10. As cartas
Campo do Meio, tanto de tanto.
Mamãe, ou
Titia, ou
Queridos pais:
Saudações.
Em primeiro lugar, desejo-lhes saúde e felicidade.
Em segundo lugar, gostaria que me remetessem como presente:
um pente;
uma escova de dentes;
pasta de dentes;
sabonete, se possível Eucalol;
uma bola de tênis;
um par de sapatos;
um suéter;
um calção de banho;
latas de leite condensado;
latas de doce;
e isso e aquilo
e isso e aquilo.
Toda a nossa correspondência era irremediavelmente igual. A mesma introdução, Saudações, em primeiro lugar, et coetera, e a conseqüente lista de pedidos. Aqui, havia pequenas variações no tamanho.

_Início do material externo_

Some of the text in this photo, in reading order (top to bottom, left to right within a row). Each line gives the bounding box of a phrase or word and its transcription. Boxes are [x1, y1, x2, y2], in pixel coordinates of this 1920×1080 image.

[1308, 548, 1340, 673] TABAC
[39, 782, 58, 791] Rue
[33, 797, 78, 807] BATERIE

Os pródigos esticavam a cobra e pediam sem parar, realizando-se antes da festa, gozando dos prazeres que a evocação das palavras escritas trazia a seu paladar e a seu corpo. Outros, mais tímidos, se limitavam ao estritamente essencial.
As cartas eram escritas nas salas de aula. Primeiro em papel de rascunho. Tenho a sensação de que se ficava uma semana em torno das cartas. A letra era analisada, o conteúdo era criticado. Voltava-se à carteira e se refazia aqui e ali, recopiando tudo noutro rascunho. Alguém teria dito que era proibido reclamar? Ou o silêncio unânime e covarde era dessas atitudes típicas dos fracos?, isolados pela autoridade. Quem ousaria rebelar-se contra aquele Olimpo tirânico, nós indefesos, nós famintos, nós debilitados pela carência de vitaminas, tolhidos pelo frio e, sobretudo, embebidos e impregnados do medo mais mortal. Não haveria Prometeu suficiente para prestar ajuda àquele bando nostálgico de vítimas peregrinas.

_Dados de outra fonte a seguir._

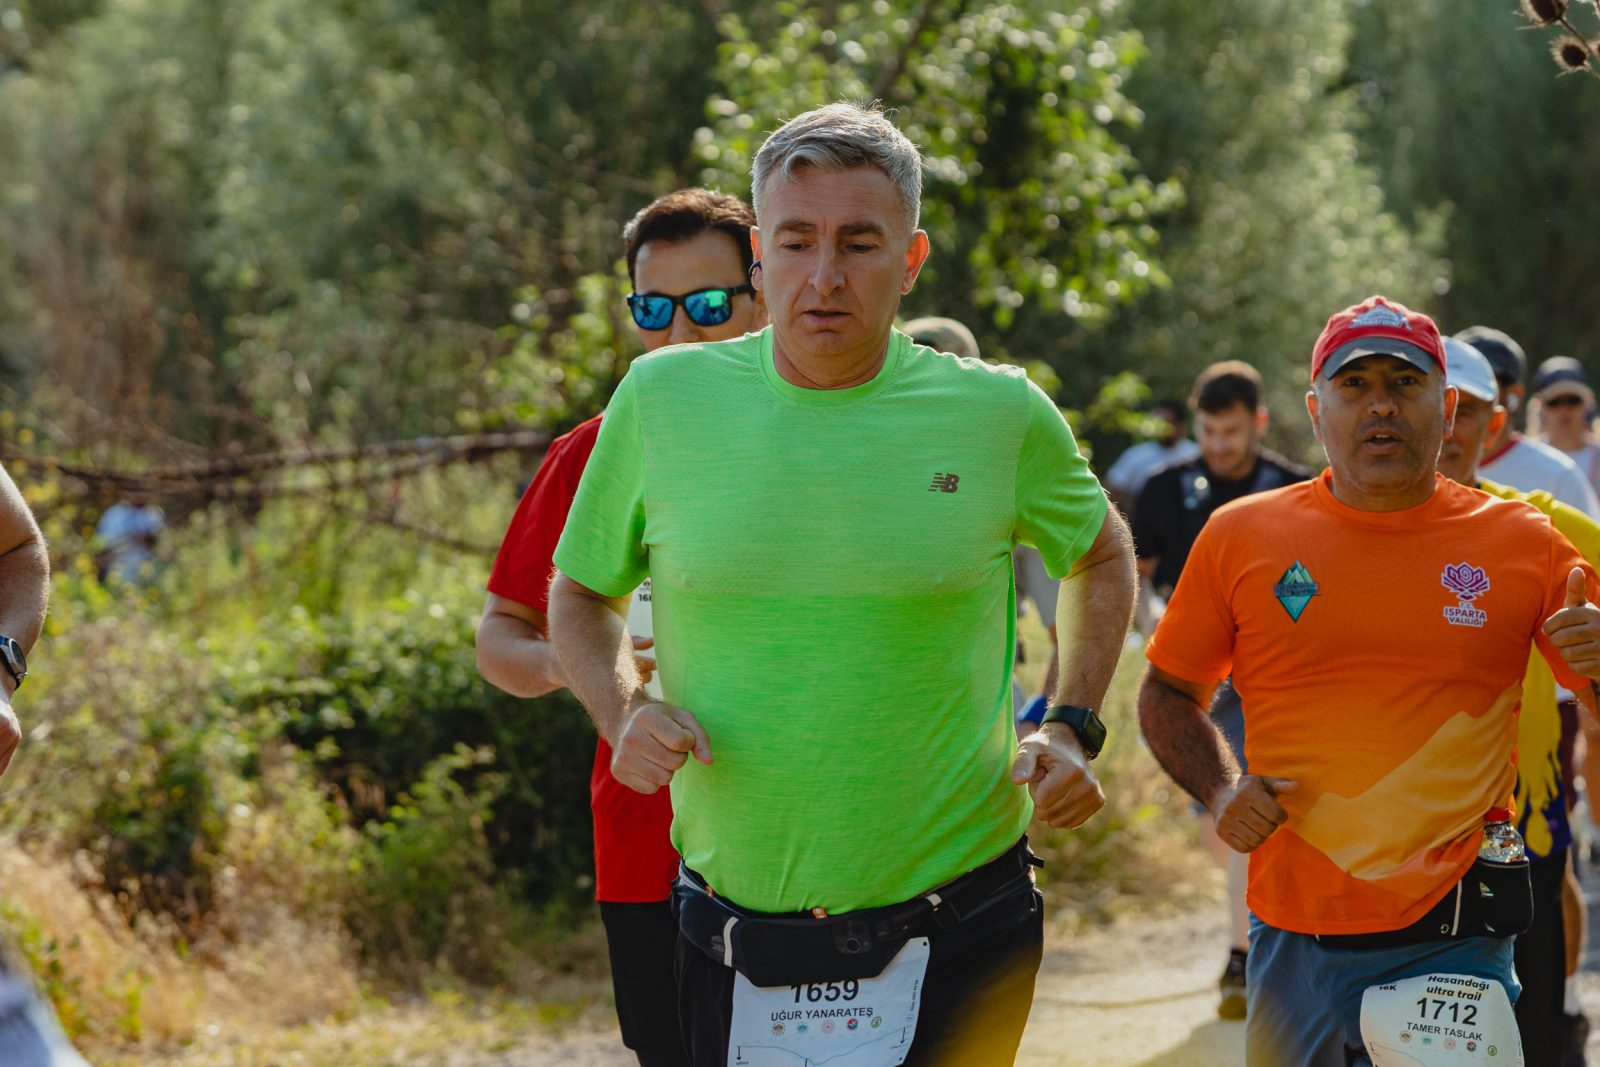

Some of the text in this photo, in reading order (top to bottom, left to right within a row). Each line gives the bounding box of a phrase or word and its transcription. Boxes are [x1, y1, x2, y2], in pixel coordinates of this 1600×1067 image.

Nos campos de concentração nazistas, russos e ingleses, e em todo o resto, há de ter sido e ser pior do que ali. Mas aqueles filhotes do bode expiatório ainda não tinham, em sua maioria, entrado na pré-puberdade. Pagávamos o pecado de viver.
Não tenho noção, hoje, da grandeza do meu sofrimento. Fico a avaliá-lo, através de pedaços de minha memória, tentando entender lembranças melancólicas, recordações doloridas. Apesar disso, eu não dou, nem a mim nem a ninguém, o direito de perdoar.
Desviei da proposta do capítulo. Falava do assunto das cartas. Saudações, queria que me mandassem, a lista, e algum final bonito e agradável, onde cada Pangloss, bastardo da palmatória, repetia, sem convicção, que estávamos no melhor dos mundos possíveis.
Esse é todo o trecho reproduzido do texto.